Published on Jan 07, 2020
Now a day’s electricity is very important facility for the human being. All the conventional energy resources are changing day by day. So we have to move from conventional to non-conventional energy resources. So we move toward solar energy. This process converts the sustainable energy resources without damaging the nature. Solar energy converted into electricity by using solar panels. This electrical power can utilize for various application. Generation of electricity will be takes place at low cost. Without damaging the nature balance, this paper deals with the generate electricity with affordable cost.
Solar energy systems come in various configurations, and the choice is yours whether you go off the grid or stay on the grid. This paper discusses the advantages of a Solar hybrid system, grid tied solar system and standalone solar systems (or Off-Grid solar systems). Grid-tied, on-grid, utility-interactive, grid intertie and grid back feeding are all terms used to describe the same concept – a solar system that is connected to the utility power grid.
A. Grid-Tied Solar System
Grid-tied, on-grid, utility-interactive, grid intertie and grid back feeding are all terms used to describe the same concept – a solar system that is connected to the utility power grid.
As it does not require battery banks and other standalone components, it is relatively cheaper than Off-Grid or hybrid systems.
It facilitates you to take advantage of net metering. Any extra electricity that you produce can be sold back to the utility. This means that by the end of the month, you only pay for the net kWH electricity used.

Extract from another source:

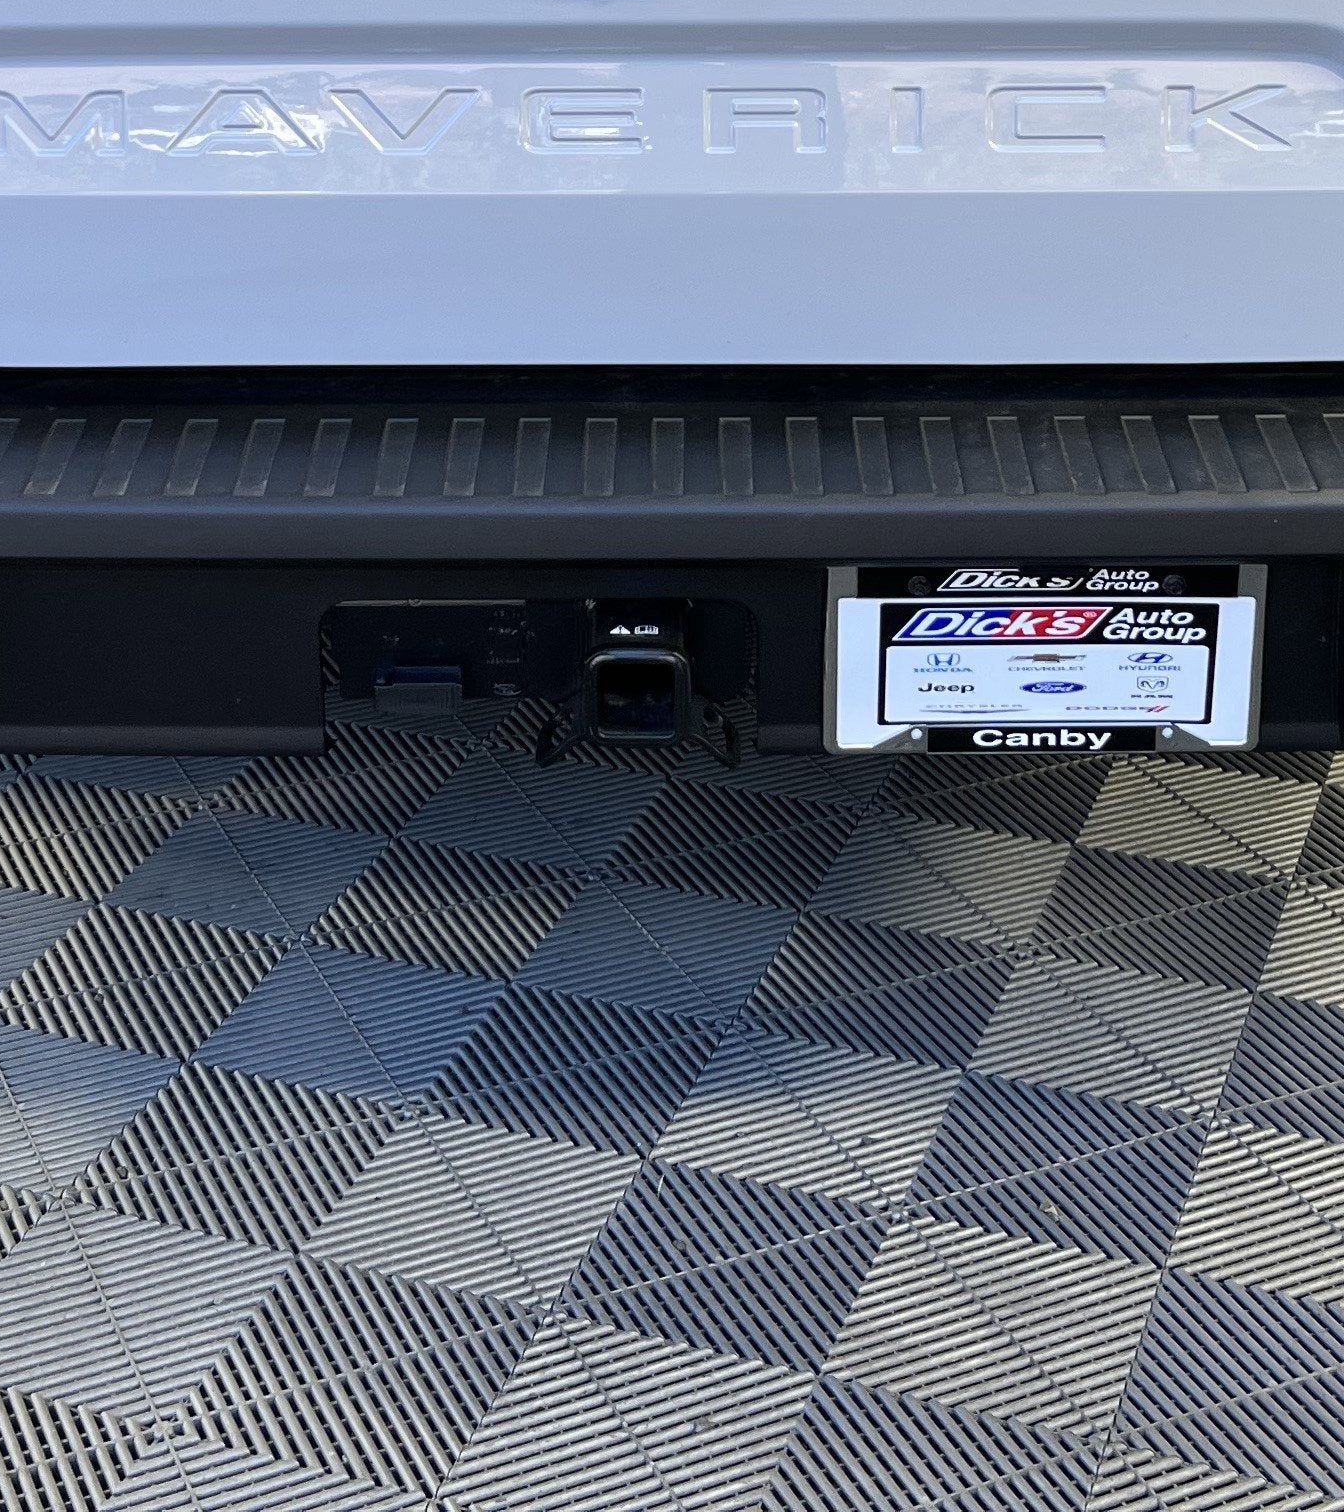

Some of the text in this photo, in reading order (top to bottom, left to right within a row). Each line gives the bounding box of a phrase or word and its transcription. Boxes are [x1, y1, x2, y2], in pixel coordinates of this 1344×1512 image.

Since you do not have a battery bank, you can’t store electricity. If during the night, your grid is down, you will not have any electricity.
Utility companies charge monthly fees that you’ll need to pay.
B. Off-Grid Solar Systems
To ensure access to electricity at all times, off-grid solar systems require battery storage and a backup generator (if you live off-the-grid). On top of this, a battery bank typically needs to be replaced after 10 years. Batteries are complicated, expensive and decrease overall system efficiency.
Only option if you live in a remote area with no grid access
Feeling of being self-sufficient for your energy demands is great. Grid failures and downtime won’t affect your power supply
The additional costs of installing a battery bank, and in some cases an alternative source of power like a diesel generator, makes these systems more expensive than a grid tied system.
Standalone systems have more components and therefore need more maintenance. Especially the batteries need regular care.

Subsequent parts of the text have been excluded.